Copy the data exactly. Images are to be left out.

### INPUT DATA
+++++
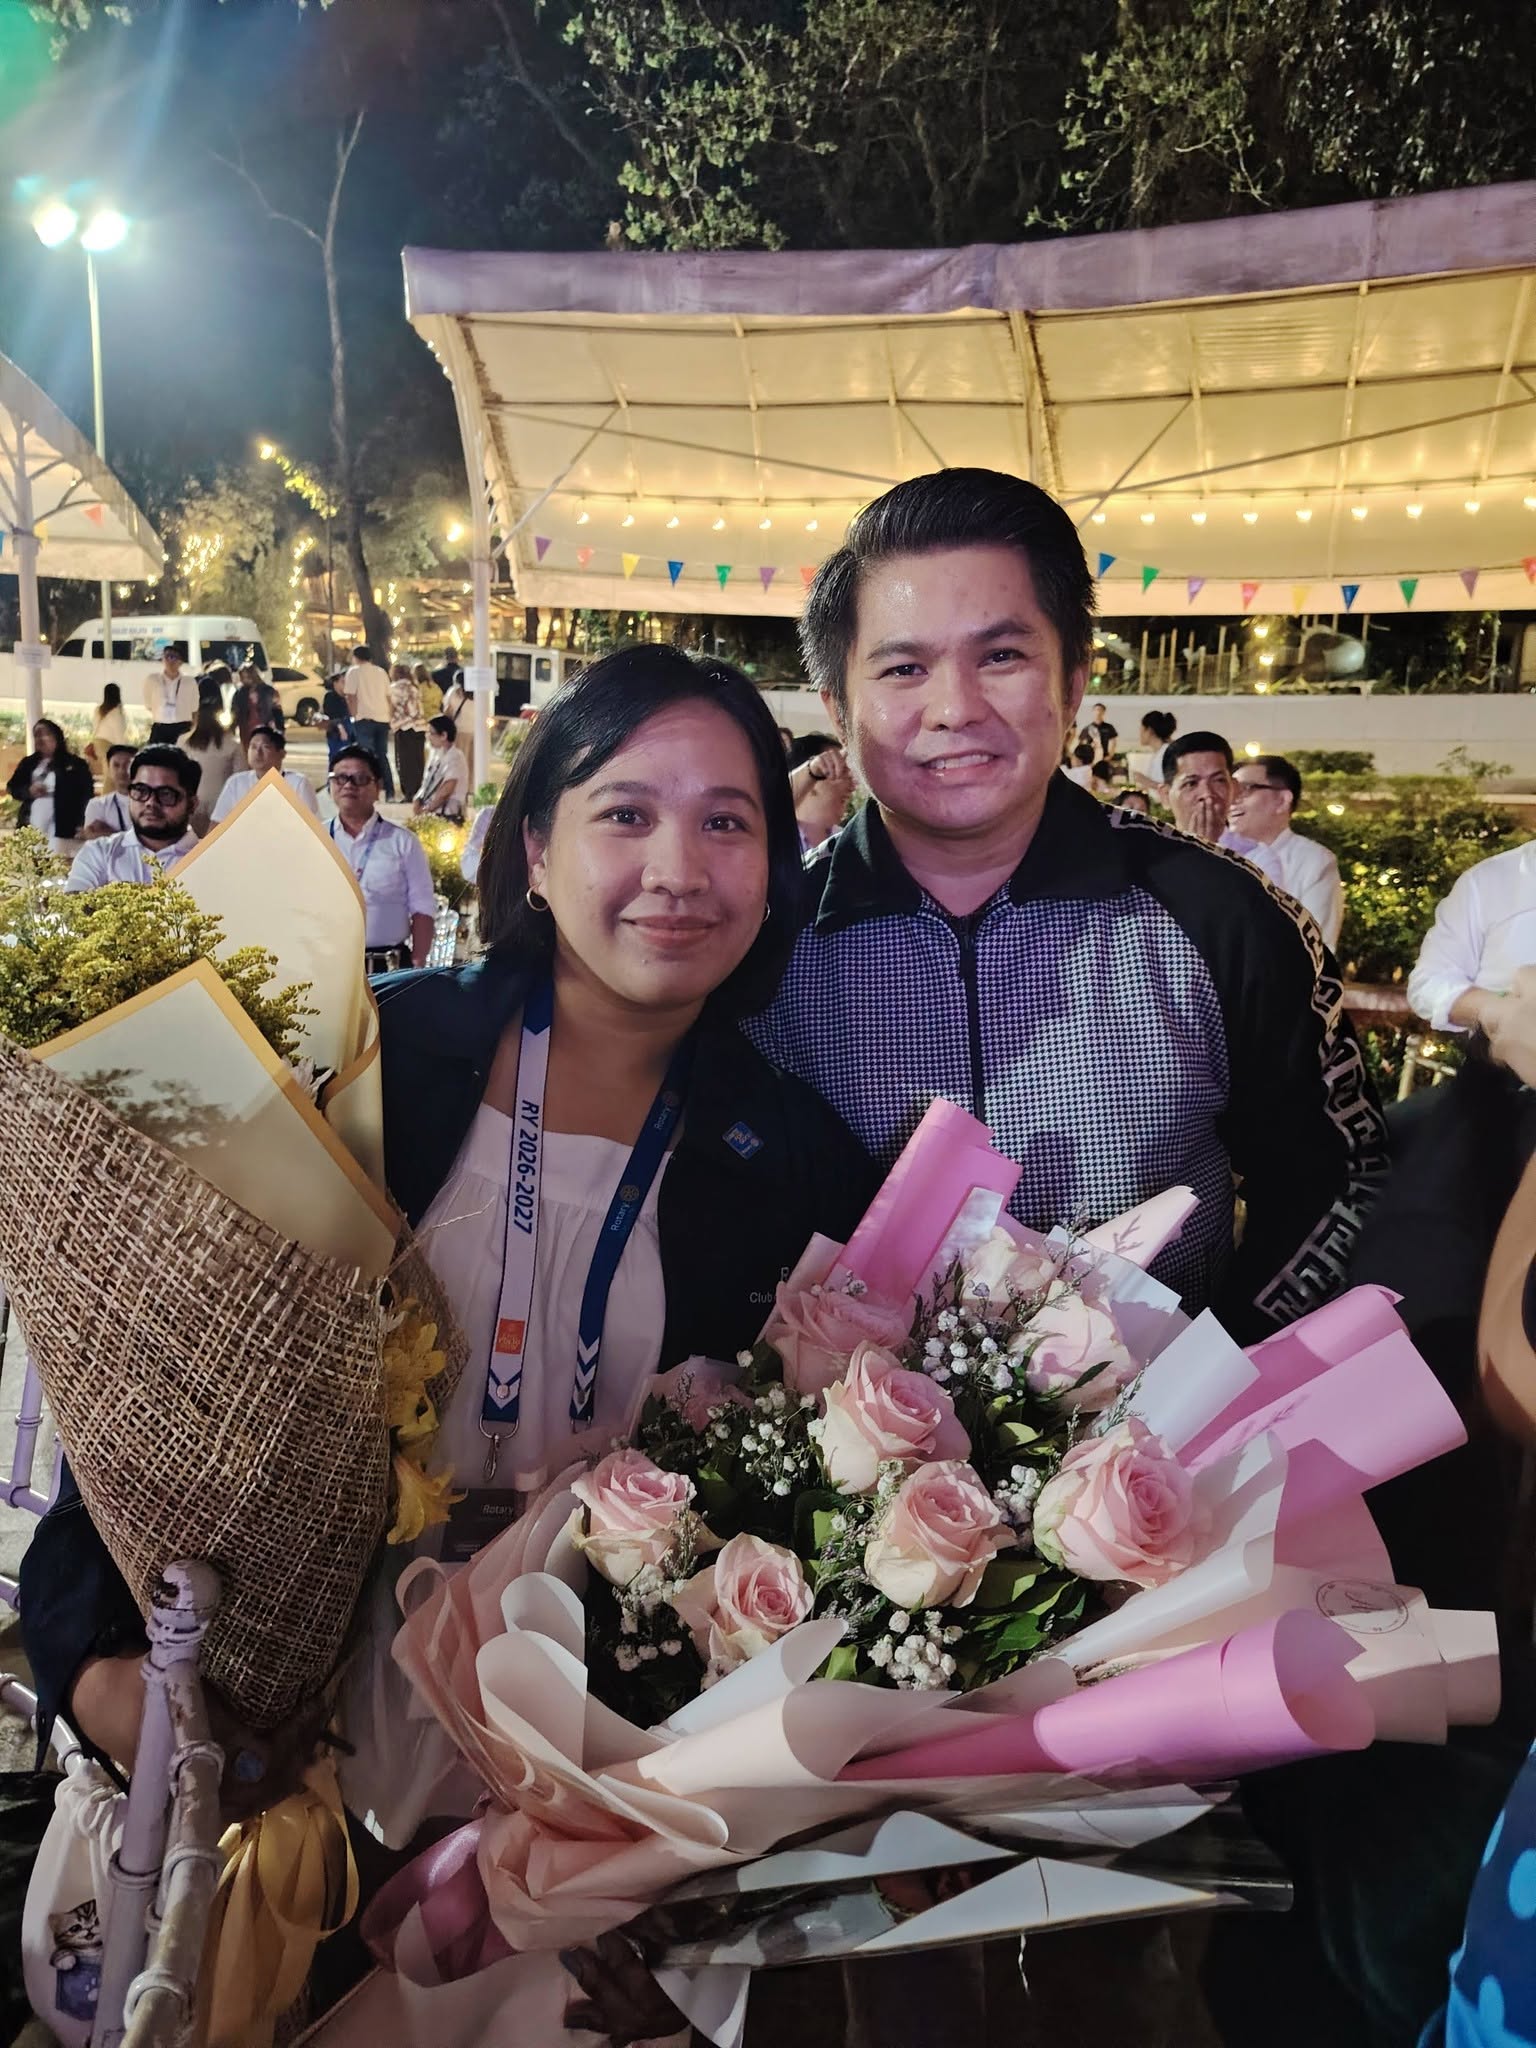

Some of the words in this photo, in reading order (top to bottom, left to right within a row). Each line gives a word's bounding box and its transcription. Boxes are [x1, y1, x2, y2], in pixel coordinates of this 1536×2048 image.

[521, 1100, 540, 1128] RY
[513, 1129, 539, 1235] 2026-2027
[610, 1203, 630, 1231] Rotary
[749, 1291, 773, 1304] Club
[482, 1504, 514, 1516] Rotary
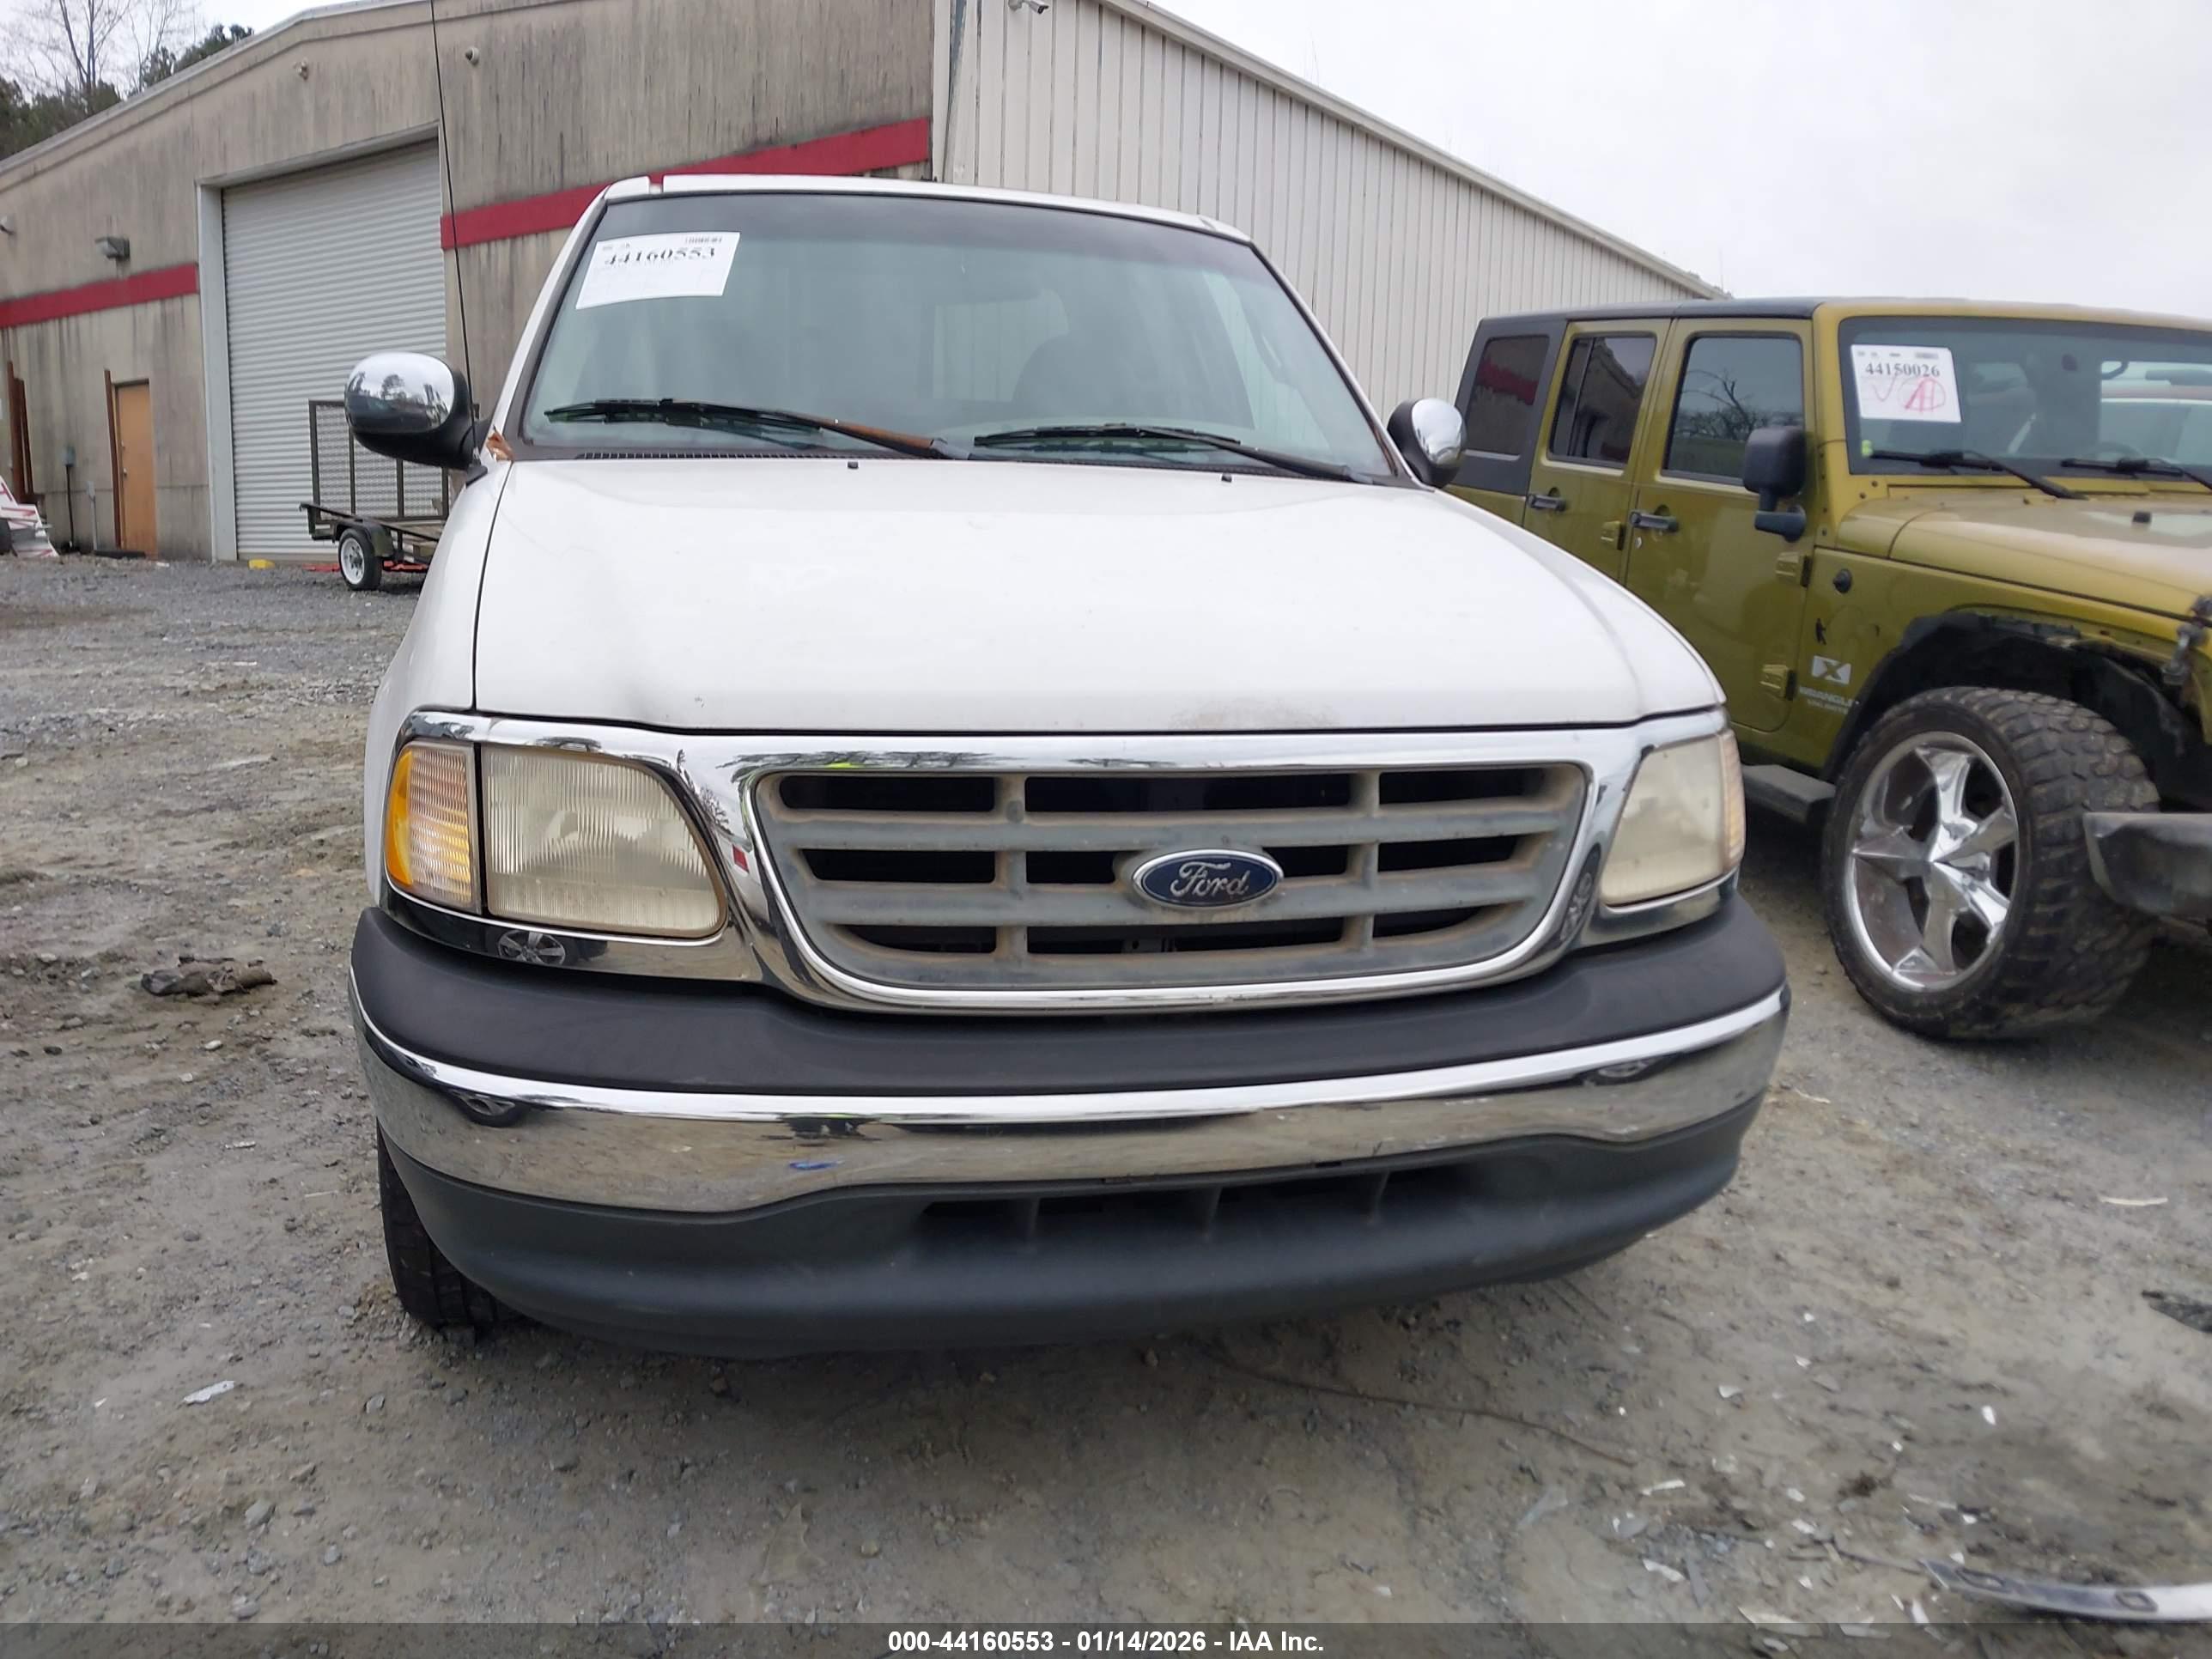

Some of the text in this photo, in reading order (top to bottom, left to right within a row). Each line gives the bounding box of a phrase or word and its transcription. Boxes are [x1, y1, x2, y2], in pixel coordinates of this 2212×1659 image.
+++++
### REPLY TO THE TASK
Some of the words in this photo, in reading order (top to bottom, left to right within a row). Each line gives a word's bounding box and its transcription. Boxes are [x1, y1, x2, y2], in pixel coordinates of this 1536×2048 image.

[521, 1100, 540, 1128] RY
[513, 1129, 539, 1235] 2026-2027
[610, 1203, 630, 1231] Rotary
[749, 1291, 773, 1304] Club
[482, 1504, 514, 1516] Rotary

Some of the text in this photo, in reading order (top to bottom, left to right within a row). Each line gives the bounding box of a phrase or word and its transcription. Boxes are [x1, y1, x2, y2], in pixel coordinates of this 2212×1659 image.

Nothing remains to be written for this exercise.